Artophilia  •  289521   •  7 October 2015

Filling the emptiness. Kirsty Mitchell photography

Every end is a beginning. Kirsty Mitchell, after the death of her mother, started to create 1 a new, fairy world. The void she felt after the loss was filled with hours of work on photography which included a lot of details, creating a kind of horror vacui. Photography became the answer to her pain, to the profound experience, and an escape to another world.

Gaia The Birth of an End

“(…) I would like to live there” 2 – wrote Roland Barthes about a picture by Charles Clifford, Alhambra (Granada), 1854-1856. It was slightly more complicated for Kirsty Mitchell, as her world is created by herself: it does not really exist, according to the popular meaning of the word “reality”. It is very temporary, and it exists only in the photo 3.

Mitchell works as if in a renaissance workshop, where each picture is carefully built from a number of pieces of a magical scenery, only to exist for a split of a second when she presses the shutter button, and it becomes a background for extraordinary figures. And who are the figures she presents in her works? These are not portraits of people (rather portraits of the “passing time” 4), as their individuality disappears under the makeup 5 and spectacular costumes.
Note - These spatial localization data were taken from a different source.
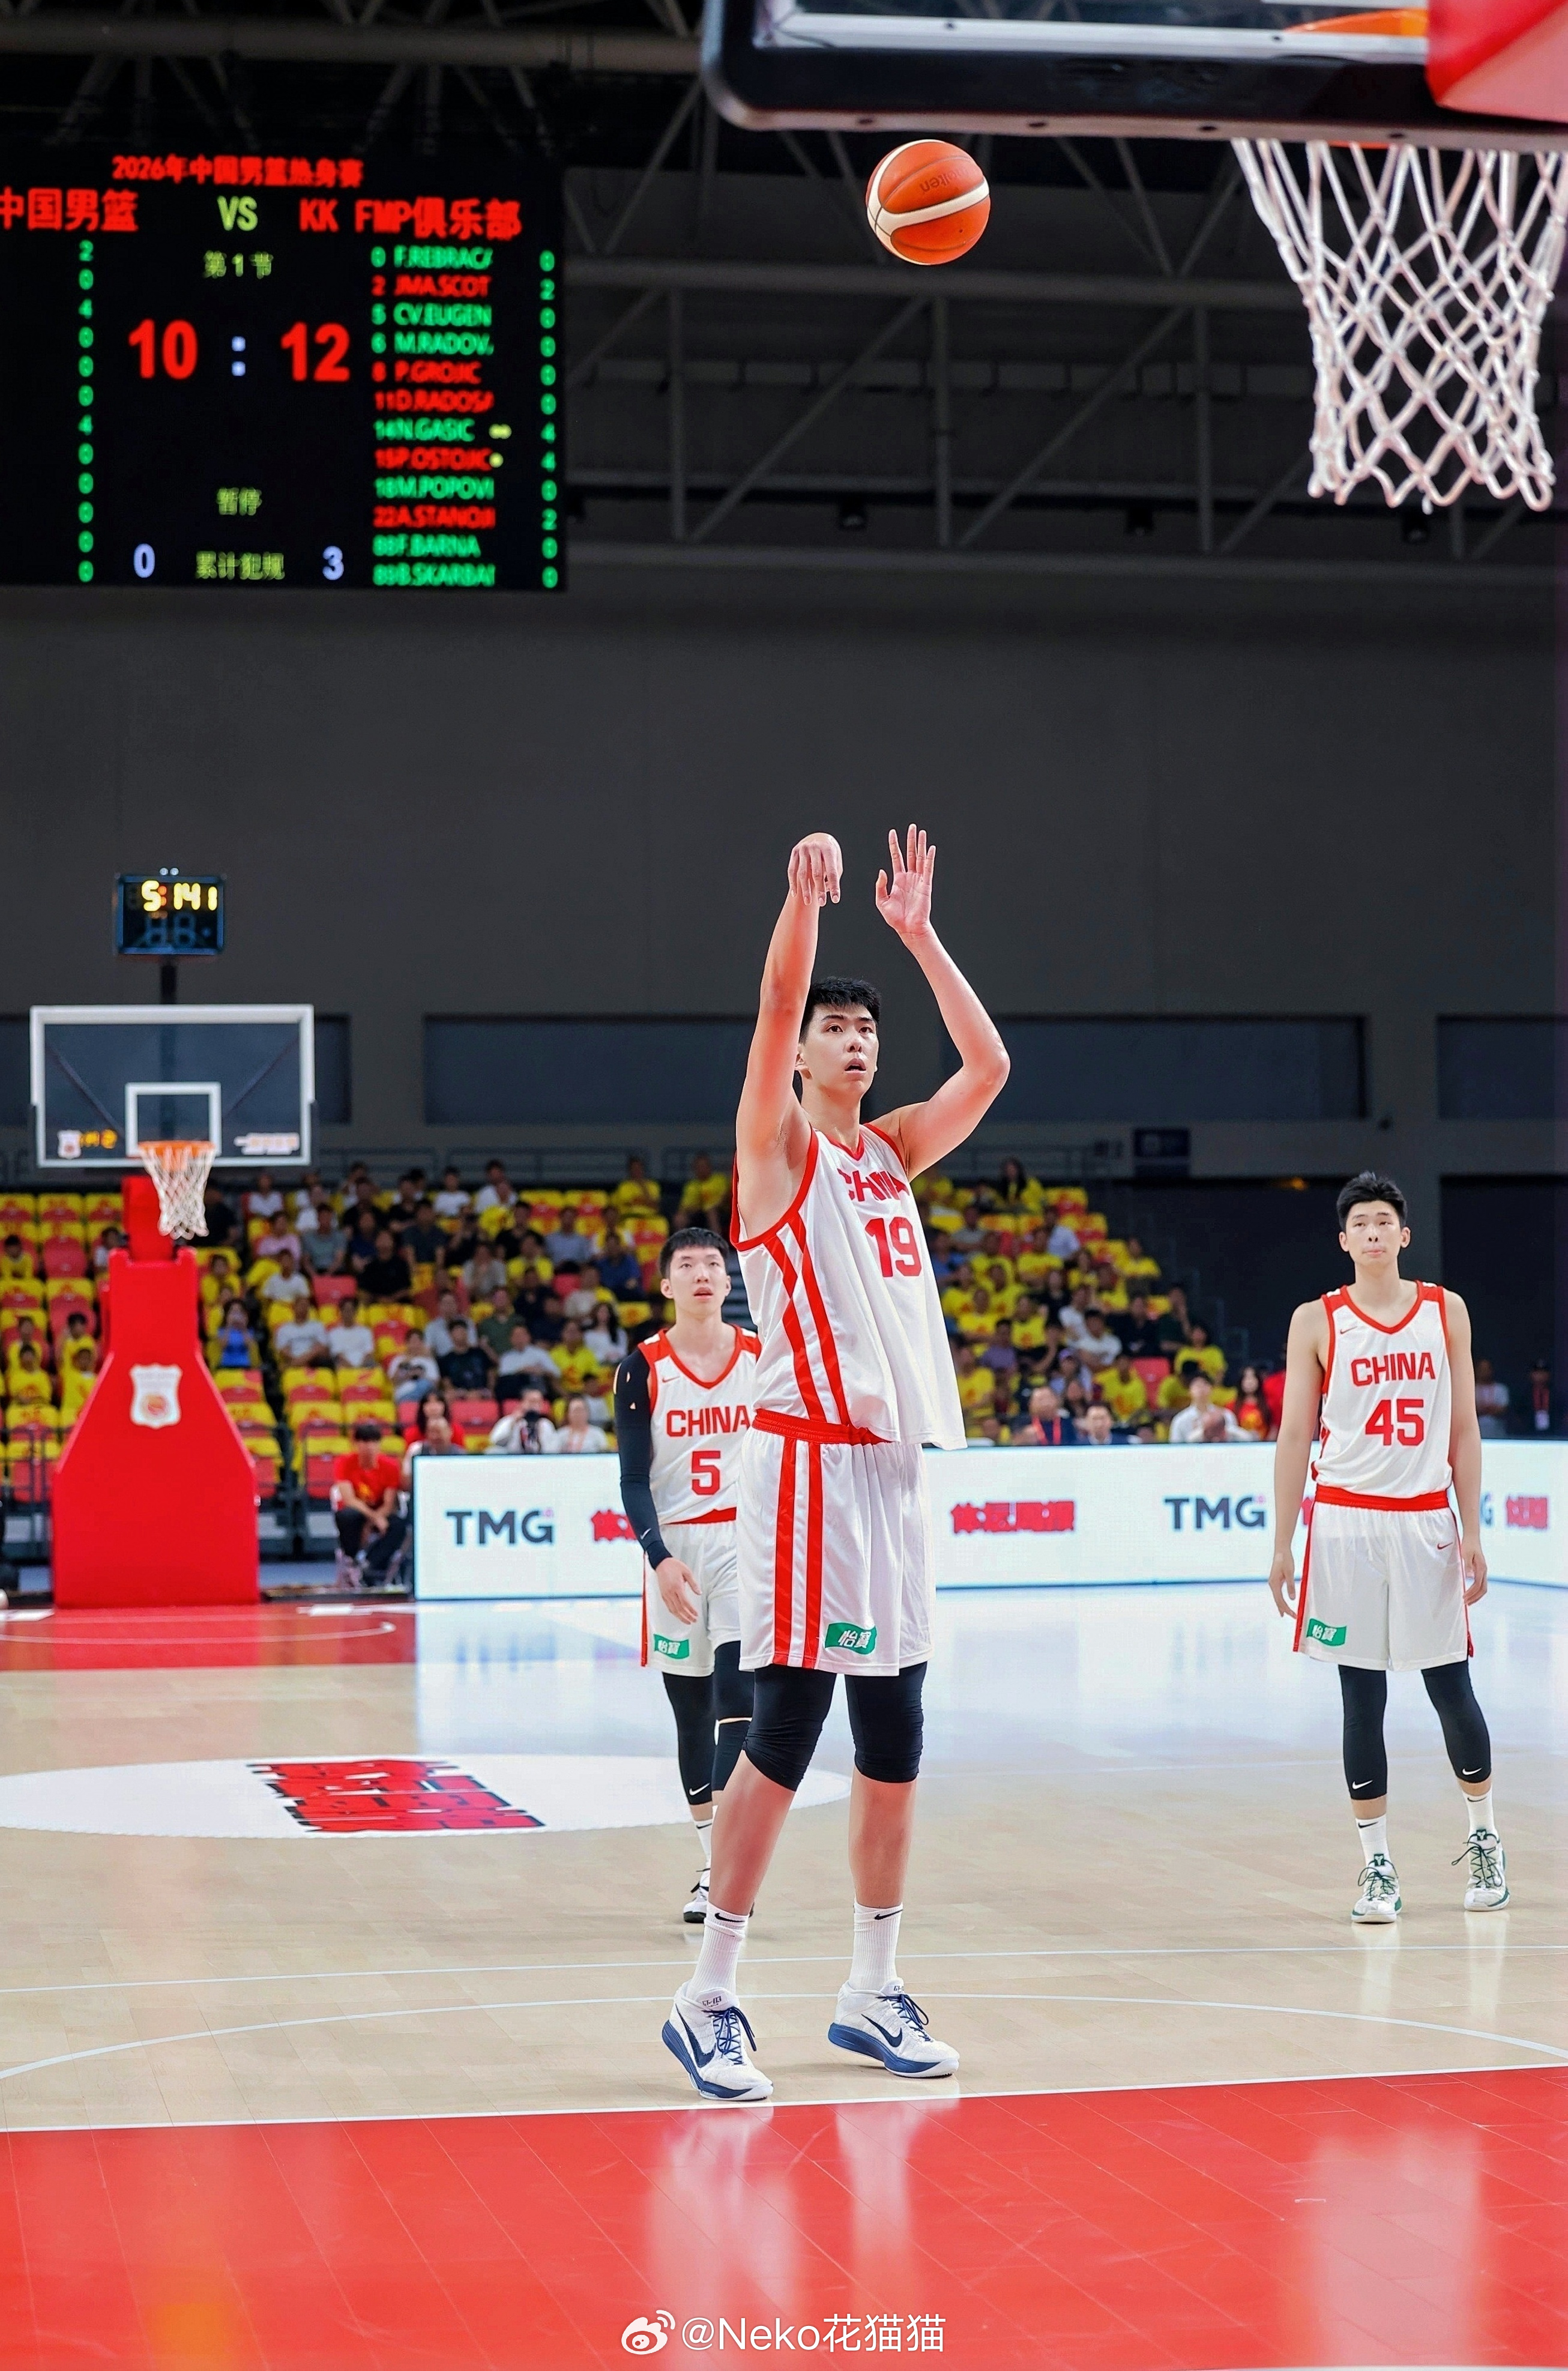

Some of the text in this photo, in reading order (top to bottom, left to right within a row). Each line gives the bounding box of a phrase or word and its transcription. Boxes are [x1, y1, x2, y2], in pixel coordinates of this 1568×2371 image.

[0, 187, 139, 232] 中国男篮
[217, 196, 258, 231] VS
[300, 199, 339, 232] KK
[79, 241, 93, 261] 2
[372, 247, 386, 268] 0
[540, 251, 555, 271] 0
[79, 270, 93, 290] 0
[372, 276, 386, 297] 2
[540, 279, 555, 300] 2
[79, 300, 93, 318] 4
[540, 308, 555, 328] 0
[79, 327, 93, 348] 0
[540, 337, 555, 357] 0
[129, 319, 198, 380] 10
[281, 322, 350, 381] 12
[79, 356, 93, 376] 0
[540, 365, 555, 385] 0
[79, 385, 93, 406] 0
[540, 394, 555, 414] 0
[79, 416, 93, 435] 4
[540, 423, 557, 442] 4
[79, 444, 93, 464] 0
[540, 452, 557, 471] 4
[79, 473, 93, 494] 0
[540, 480, 557, 501] 0
[79, 502, 93, 523] 0
[540, 509, 557, 530] 2
[79, 531, 93, 552] 0
[540, 537, 557, 558] 0
[79, 561, 93, 582] 0
[134, 544, 155, 578] 0
[323, 546, 344, 580] 3
[540, 567, 557, 588] 0
[864, 1216, 922, 1278] 19
[1351, 1352, 1436, 1387] CHINA
[666, 1405, 751, 1437] CHINA
[1365, 1398, 1425, 1446] 45
[691, 1451, 721, 1496] 5
[1164, 1497, 1265, 1530] TMG
[447, 1511, 552, 1544] TMG
To Mitchell people are like canvas, which she uses to create her imaginary world. She finds the best place, in her view, which becomes a stage, and it’s rather a movie scene rather than a theatre stage. It’s a distinctly feminine photography: the author and the subjects are women, and it registers a previously designed scene, often one that refers to fine arts. Frequently there is one dominating colour, as it can be seen in The Storyteller, and it brings together the costume, makeup and flowers. The photographed women often have white eyelashes; is it a symbol of innocence, another reference to memories of childhood?

The Storyteller

The Storyteller

Mitchell studied fine arts, photography, and the history of art, which gave her very strong foundations, both practical and theoretical, to build her photographs. At the age of 19 Mitchell specialised in “Performance Costume” at the London College of Art, and this can be seen in her works as a very strong influence.
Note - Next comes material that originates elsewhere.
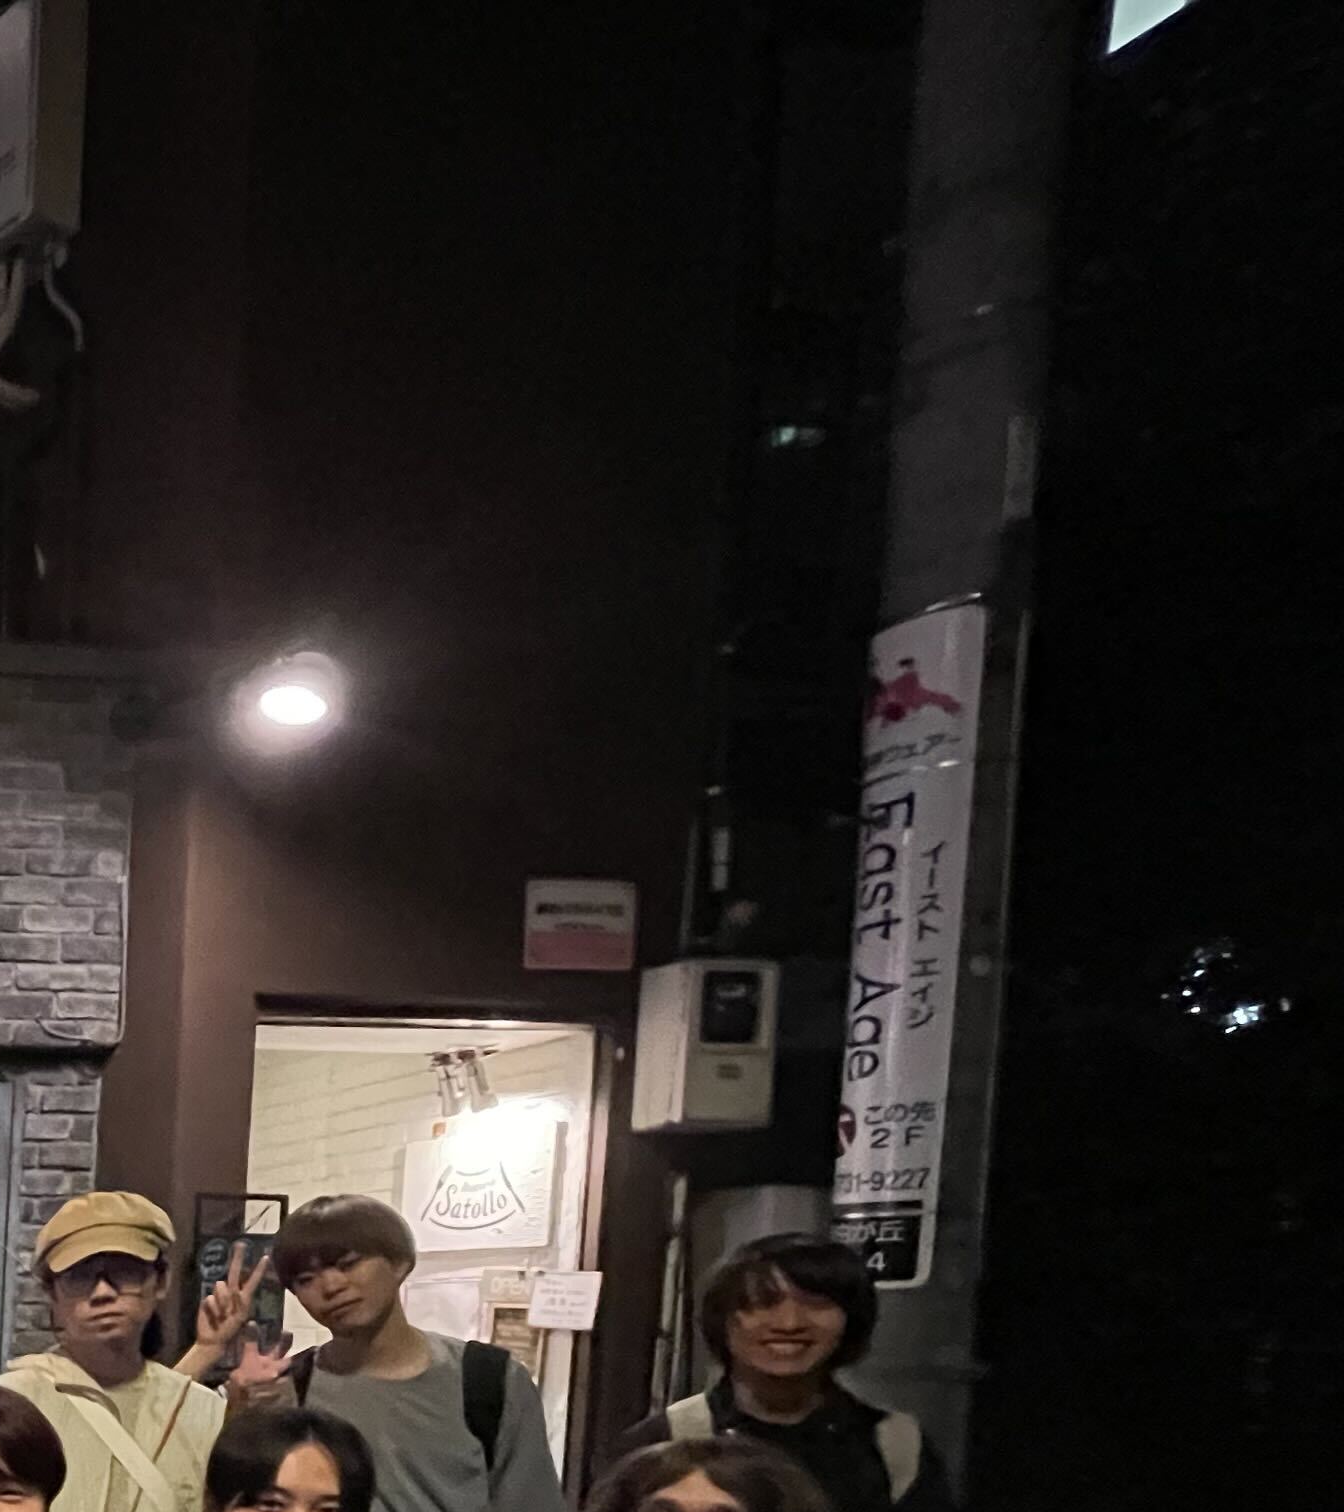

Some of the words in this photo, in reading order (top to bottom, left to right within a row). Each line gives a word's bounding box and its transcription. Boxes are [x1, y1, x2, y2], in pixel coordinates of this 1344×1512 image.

[857, 791, 917, 943] East
[863, 1101, 937, 1125] この先
[435, 1183, 508, 1219] Satollo
She then spent 3 years at Ravensbourne Collage of Art, where she achieved a First Class Bachelor of Arts Degree with Honours in “Fashion Design and Textiles”6. It wasn’t however the end of her education. At that time she interned with the best people in the industry: Alexander Mc Queen and Hussein Chalayan. She worked as a senior fashion designer in charge of fabrics for Kalen Millen, and she visited India and China.

Turning point

In 2008 Mitchell lost her beloved mother, a wonderful woman, inspiring English teacher, with a great gift of storytelling.

“Throughout her life she was a teacher of English, and she spent years inspiring pupils and me with literature and with her charming stories. She used to read to me every day, and she instilled in me the faith in beauty and the astonishment, which became the roots of my work” Kirsty Mitchell.

After her mother’s funeral Mitchell needed something more to commemorate Maureen. She returned to her childhood books, which she used to read with her mother, and which now became an inspiration and helped her overcome the depression to act. Photography became the best mean of expression for telling her own story, as she used and completed her entire knowledge.

She abandoned fashion and dully devoted herself to photography. In 2009 she started a series of photos entitled Wonderland, which made her popular and attracted media attention. The list of magazines that were thrilled with her works is long: Italian Vogue, Polish Harper’s Bazaar, The Huffington Post, The Guardian, Germany’s Spiegel Online, The Telegraph, and the renowned Stern magazine.


The Ghost Swift

The popularity brought several exhibitions in London, South Korea, Milan, Amsterdam. She also participated in an annual PhotoVogue exhibitions (where 25 photographers are chosen from 55,000) in 2012 and 2013.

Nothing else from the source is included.